Série produzida pelo diretor de 'Clube da Luta' para a Netflix retorna para a sua terceira temporada

Noel Murray, The New York Times

21 de maio de 2022 | 12h09

Antes de David Fincher se tornar um diretor de primeira linha e receber várias indicações ao Oscar e ao Emmy – elogiado por filmes daquele momento como Clube da Luta e A Rede Social e pelas séries de TV House of Cards e Mindhunter – ele foi cofundador da produtora Propaganda Films. A Propaganda ficou conhecida por seus comerciais de TV e videoclipes visualmente deslumbrantes, e Fincher aperfeiçoou seu ofício em dezenas de filmes em miniatura feitos em uma infinidade de estilos.

No entanto, até recentemente, ele nunca havia dirigido animação, apesar de gostar tanto do meio que assinou contrato há alguns anos para ser produtor executivo da série de animação da Netflix Love, Death + Robots, que retorna para sua terceira temporada na sexta-feira.

Love, Death + Robots surgiu das cinzas de um projeto que Fincher vinha desenvolvendo com o diretor de Deadpool Tim Miller desde o final dos anos 2000: um renascimento de Heavy Metal, a série de filmes de animação inspirada em ficção científica apenas para adultos e quadrinhos de fantasia. A primeira temporada de Love, Death + Robots estreou em 2019, com 18 episódios (com duração de 6 a 17 minutos) que adaptaram contos de nomes favoritos do gênero, como Peter Hamilton, John Scalzi e Joe Lansdale. Uma segunda temporada de oito episódios foi ao ar em 2021.

Apesar de seu envolvimento, Fincher nunca fez um curta até a terceira temporada, quando ele e o roteirista Andrew Kevin Walker (que escreveu o thriller policial de Fincher Seven: Os sete crimes capitais) abordaram um conto do autor britânico de ficção científica Neal Asher chamado Bad Travelling. Ambientado em alto mar em um planeta distante, a história segue um navio mercante atormentado por um caranguejo gigante e inteligente que manipula os membros da tripulação e os elimina um por um. Fincher descreveu o curta como "parecido a um filme de David Lean misturado com Ten Little Indians".

Bad Travelling foi realizado com captura de movimento, um estilo de animação assistido por computador no qual os atores atuam em um set e suas expressões faciais e gestos são mapeados diretamente em seus personagens animados. Fincher trabalhou de perto com Miller, que co-fundou a Blur Studio, uma empresa de efeitos especiais e animação que produziu Bad Travelling, e Jennifer Yuh Nelson, artista, cineasta (Kung Fu Panda 2) e diretora supervisora de Love, Death + Robots.
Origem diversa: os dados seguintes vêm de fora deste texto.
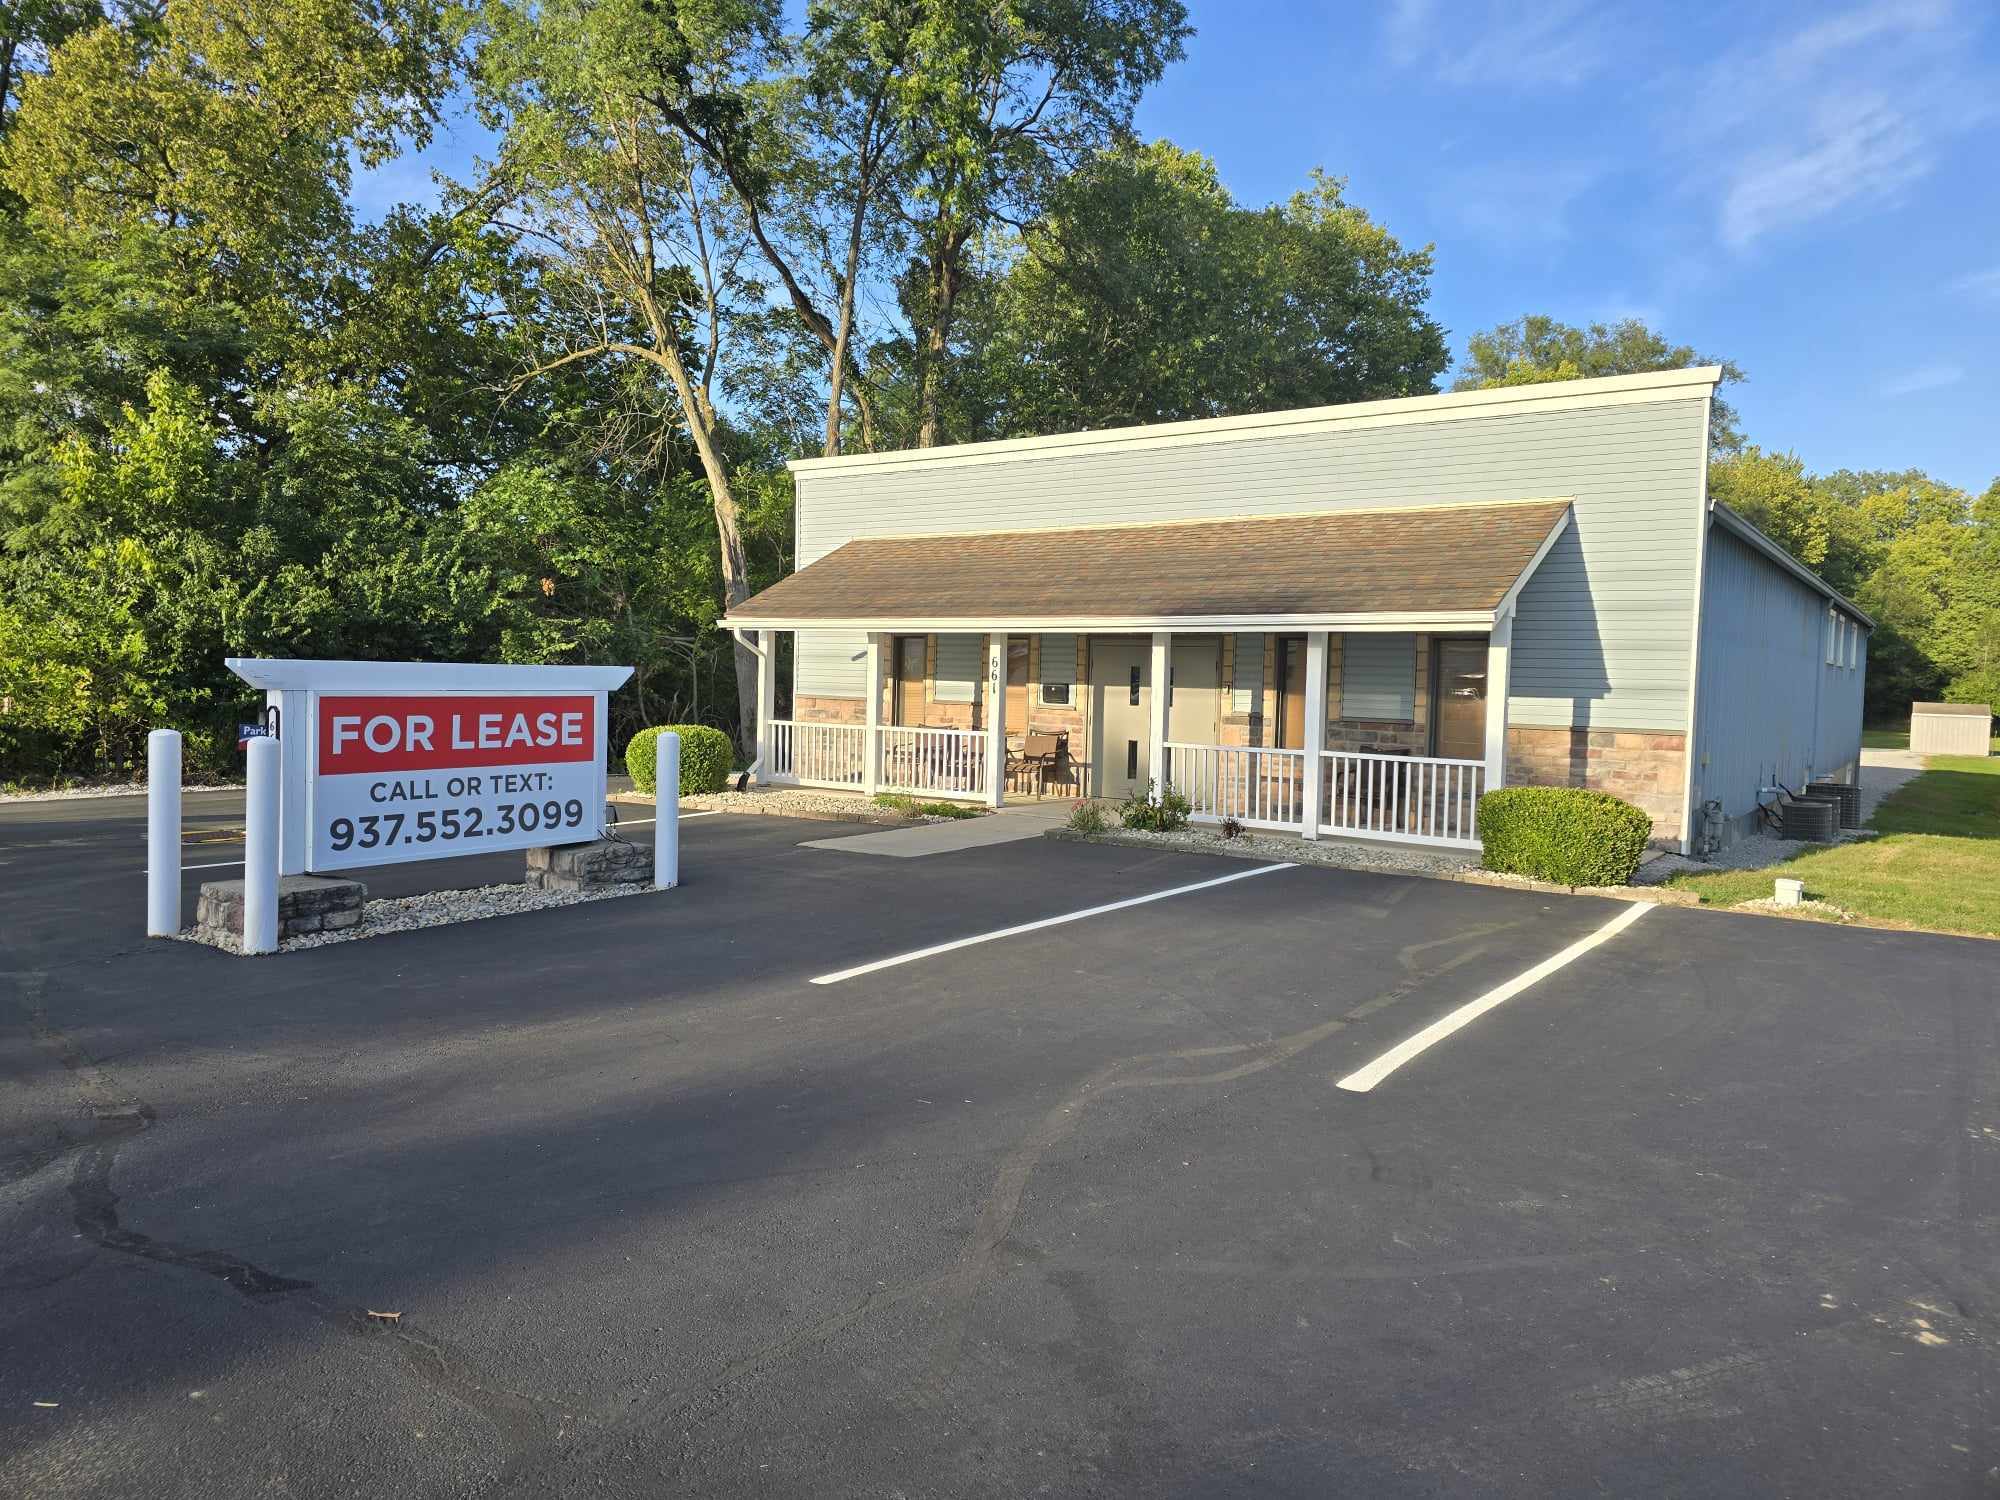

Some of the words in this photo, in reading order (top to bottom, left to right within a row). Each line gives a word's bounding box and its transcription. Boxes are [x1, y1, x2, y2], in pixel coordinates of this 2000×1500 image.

Em uma entrevista em vídeo na semana passada, Fincher discutiu os desafios e prazeres de fazer Bad Travelling e a série como um todo, e como ele conduziu sua abordagem de direção detalhista para esse novo meio. Estes são trechos editados da conversa.

Incluindo os episódios deste volume, já existem três histórias de Neal Asher adaptadas para Love, Death + Robots. O que há em Asher que combina com essa série?

Bem, Bad Travelling fazia parte do nosso plano original. Tivemos essas cópias gigantes de 1,2 por 1,8 metros de produção de arte realmente belas na sala de conferências por, meu Deus, 12 anos ou algo assim. Finalmente, alguém tinha que fazer isso. Essa honra coube a mim.

Neal é um dos favoritos de Tim, e Tim faz a maior parte de nossa curadoria. Ele tem uma lista de 350 contos que sempre quis ver como animação. Neal foi um dos primeiros exemplos que Tim trouxe para mim do tipo de coisa que está disponível por aí, para dizer: “OK, acho que isso é sustentável”.

Essa é uma maneira instrutiva de pensar sobre esta série: não apenas como uma antologia de animação para adultos, mas também como uma antologia de histórias de ficção científica de várias durações e abordagens.

É muito difícil escrever um conto. É uma arte em si mesma para, na mais ampla das pinceladas, trazer um leitor para um mundo já povoado, fazer-nos compreender tanto quanto precisamos sobre a geopolítica ou o que quer que seja, e depois seguir em frente. É o que eu vim fazendo com comerciais de televisão. Essa foi uma ótima experiência para fazer algo com uma ideia por 30 segundos ou duas ideias por 60 segundos. Eu fiz videoclipes, que são como uma mistura de ideias que esperamos que fiquem juntas de alguma forma abstrata ao longo de três a quatro minutos.

O mais difícil é reconhecer os números inteiros. É muito diferente ter 19 ou 22 minutos. Você tem que se forçar com este material para ser conciso.

O que você aprendeu dirigindo animação?

Quando estou me preparando para fazer um plano, estou pensando em coisas como “Se a tomada é over-the-shoulder, tenho que afastar essa pessoa do batente da porta ou tenho que pedir para a equipe trazer uma motosserra.” Mas em [imagens geradas por computador], esse tipo de coisa não existe. O espaço é inteiramente plástico. Foi uma maneira incrivelmente libertadora, reveladora e expansiva de interagir com uma história, porque muito da narrativa de ação ao vivo demora ou funciona em torno de coisas práticas.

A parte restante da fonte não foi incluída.